González Hernández me condujo a un calabozo de la estación de policía de Manicaragua, en las estribaciones del Escambray, donde me mantuvieron hasta la tarde del día siguiente, cuando me hicieron subir a un vehículo, y me abandonaron en una carretera de la provincia Sancti Espíritus.
El 18 de febrero del 2011, fui secuestrado mediante los clásico métodos de ese proceder delictivo: personas desconocidas, furgoneta completamente cerrada, cubierta la cabeza con una capucha y encerrándome en un lugar desconocido. ¿Motivos? No siga escribiendo o le va a ir muy mal.
El 30 de julio del 2011, para impedirme cubrir los funerales de Monseñor Pedro Meurice, en Santiago de Cuba, el Tte. Coronel Juan Peña me mantuvo recluido en la unidad territorial de la contrainteligencia de la región norte de las Tunas.
En la unidad de operaciones e investigaciones criminales de la propia región, me mantuvieron encerrado en un calabozo por más de 3 días, hasta que, el 22 de marzo pasado, se me imputó el manido delito de alteración del orden público, para impedirme escribir sobre la visita del Papa Benedicto XVI a Cuba.
Agotaría al lector narrándole las arbitrariedades de mis encierros, la negativa de ganarme el sustento cultivando la tierra, la prohibición risible, si no fuera diabólica, de negarme el derecho a ir de caza en mi país.
Lo grave de estas violaciones de los derechos humanos sobre mi persona y la de cientos de cubanos es su origen: Más que a los represores, implican directamente al gobierno cubano.
Al quejarme por escrito al General Raúl Castro, por violaciones que entrañarían delitos de perjurio, cometidos por funcionarios de los ministerios de la Agricultura y el Interior, por rescindirme el usufructo de 4 hectáreas de tierras ociosas y por la ocupación de mi escopeta de caza, obtuve, desde el más elevado nivel del gobierno, la prueba de que en Cuba quienes disentimos, más que segregados, somos considerados no personas.

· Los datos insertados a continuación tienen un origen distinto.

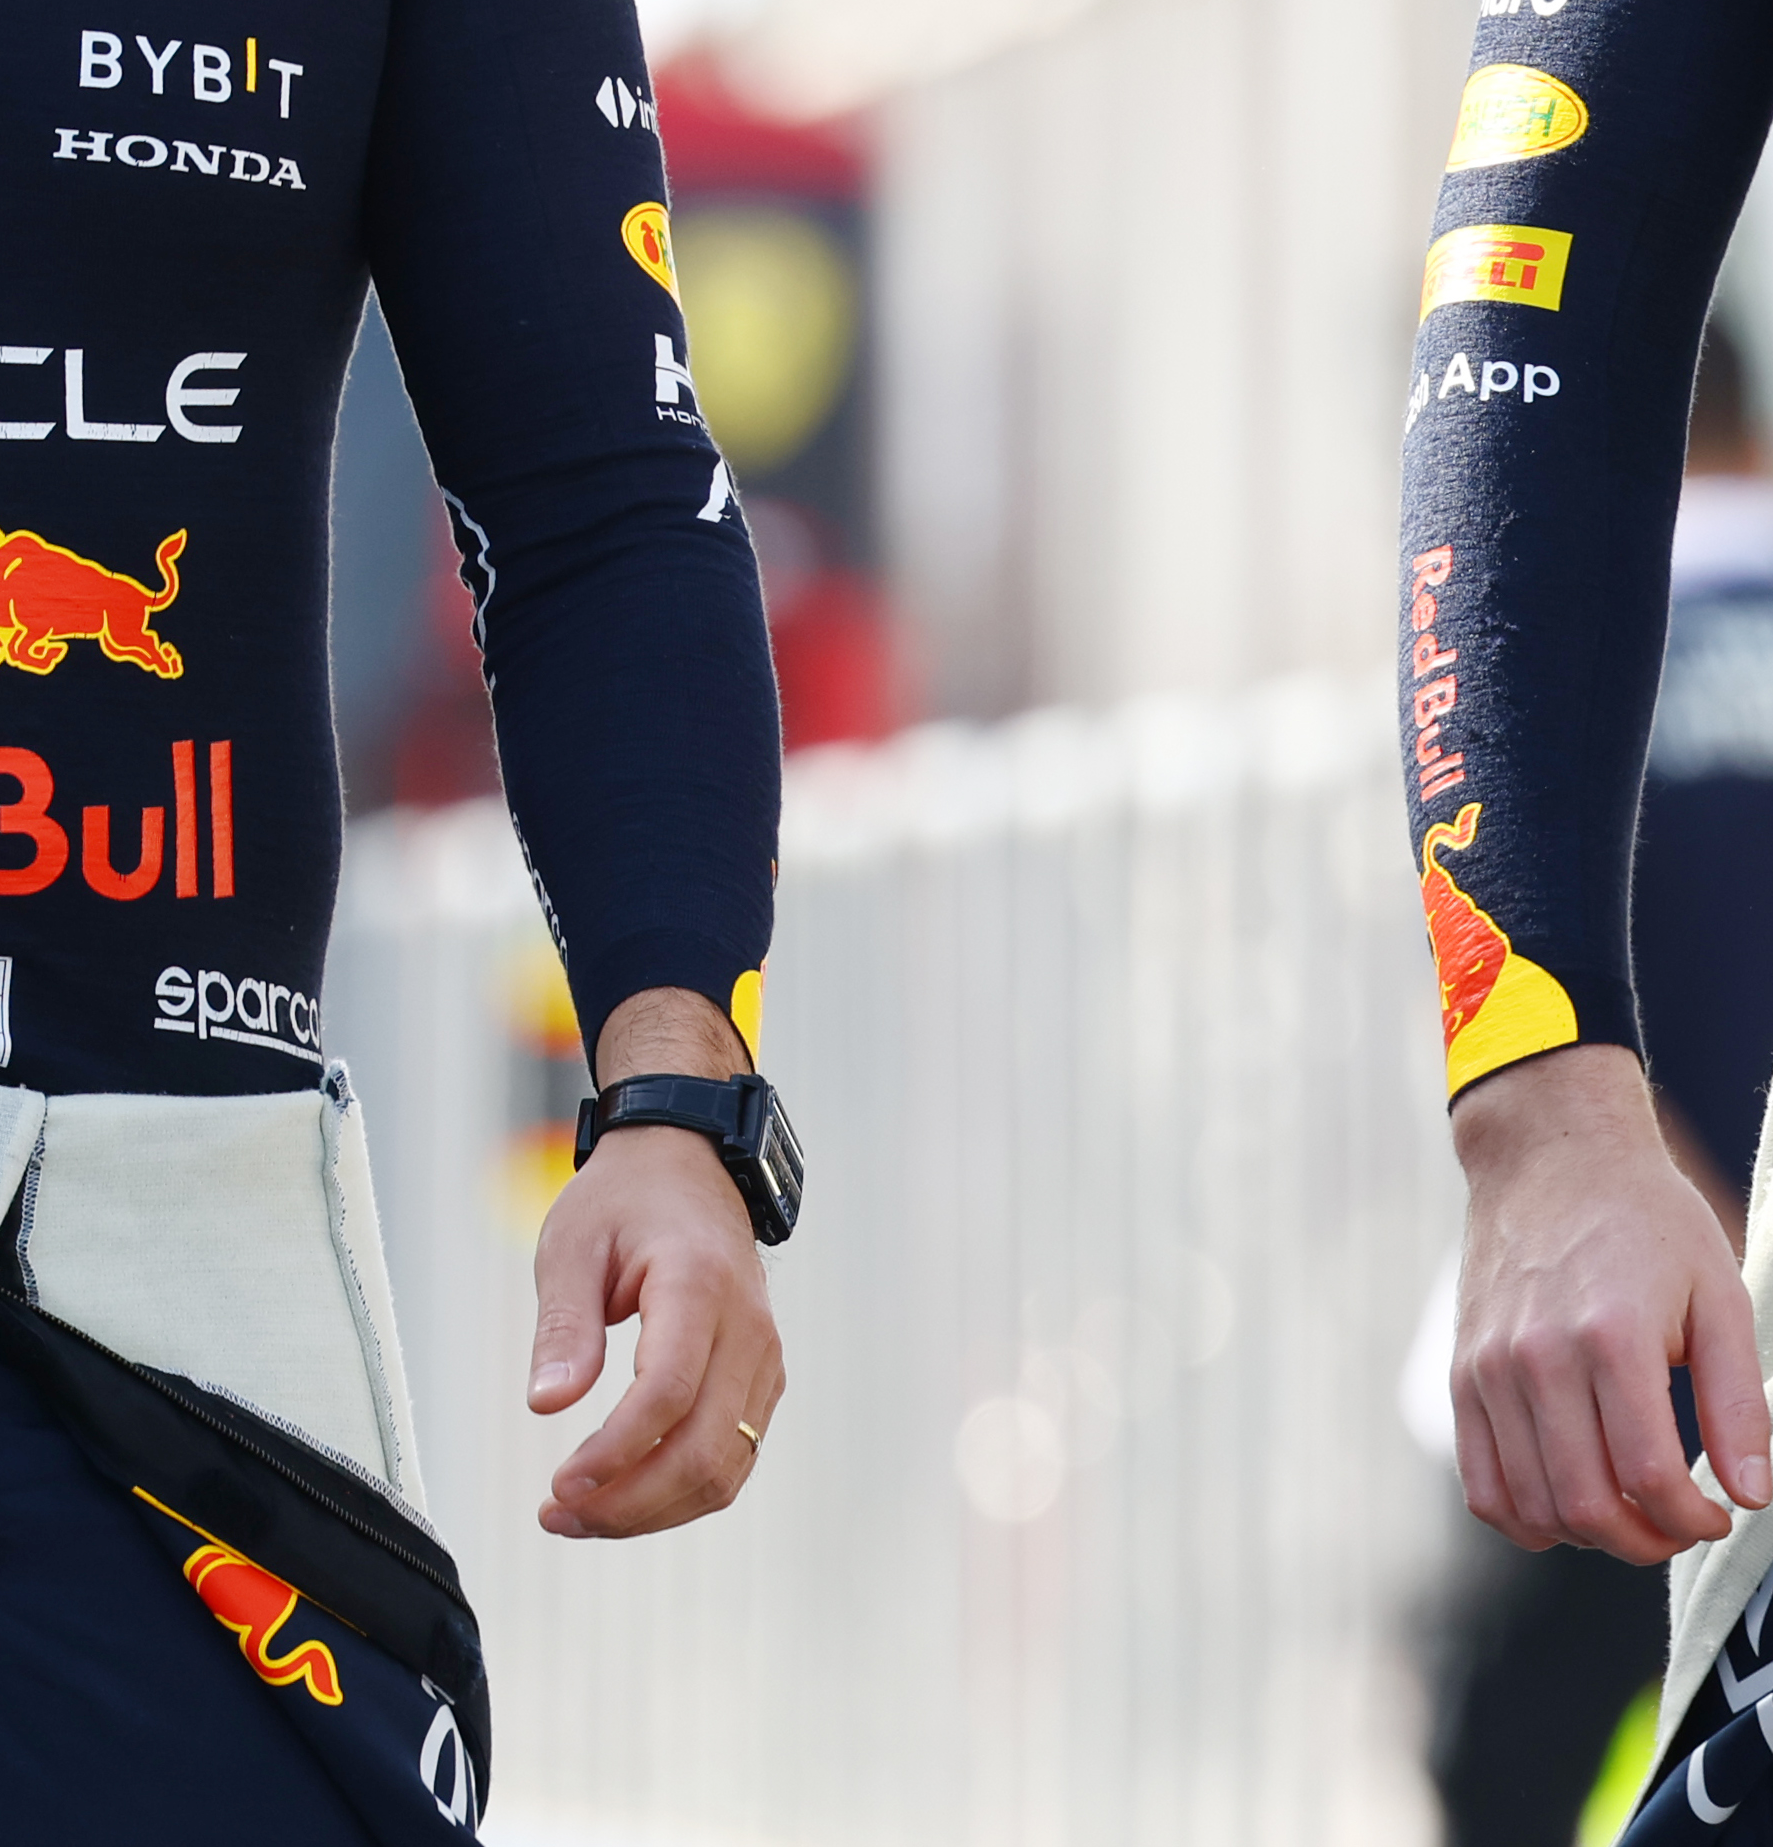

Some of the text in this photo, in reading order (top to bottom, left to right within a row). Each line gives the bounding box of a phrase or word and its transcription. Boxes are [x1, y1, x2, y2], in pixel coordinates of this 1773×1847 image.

[79, 29, 305, 119] BYBIT
[53, 128, 308, 191] HONDA
[1438, 352, 1560, 403] App
[1411, 544, 1466, 805] Red Bull
[154, 966, 321, 1050] sparco

Como pasando la potestad de juzgar al criminal al respecto de mi queja al General Castro Ruz, respondió, el 22 de febrero de 2011, María del Carmen Cedeño, jefa de atención a la población del Consejo de Estado: “(…) Hemos considerado oportuno imponer el asunto al Ministerio del Interior y al Ministerio de la Agricultura en lo que a cada uno compete”.
Y por lo que a esos ministerios compete responder por sus violaciones, hasta el día de hoy han dado la callada por respuesta.
Conforme al Artículo No. 8, de la Carta Democrática Interamericana, ojalá algún lector de mi texto haga llegar ante el Sistema Interamericano de Promoción y Protección de los Derechos Humanos, estas violaciones.
Más que privar a una persona de su libertad de movimiento, del uso de un teléfono, de un terreno, o de una escopeta de caza, castigan a seres humanos por el uso de su voz. Y en pleno uso de libertad, ninguna persona debía conformarse ante esas injusticias, teniendo al alcance de la mano los medios y el sistema donde denunciarlo.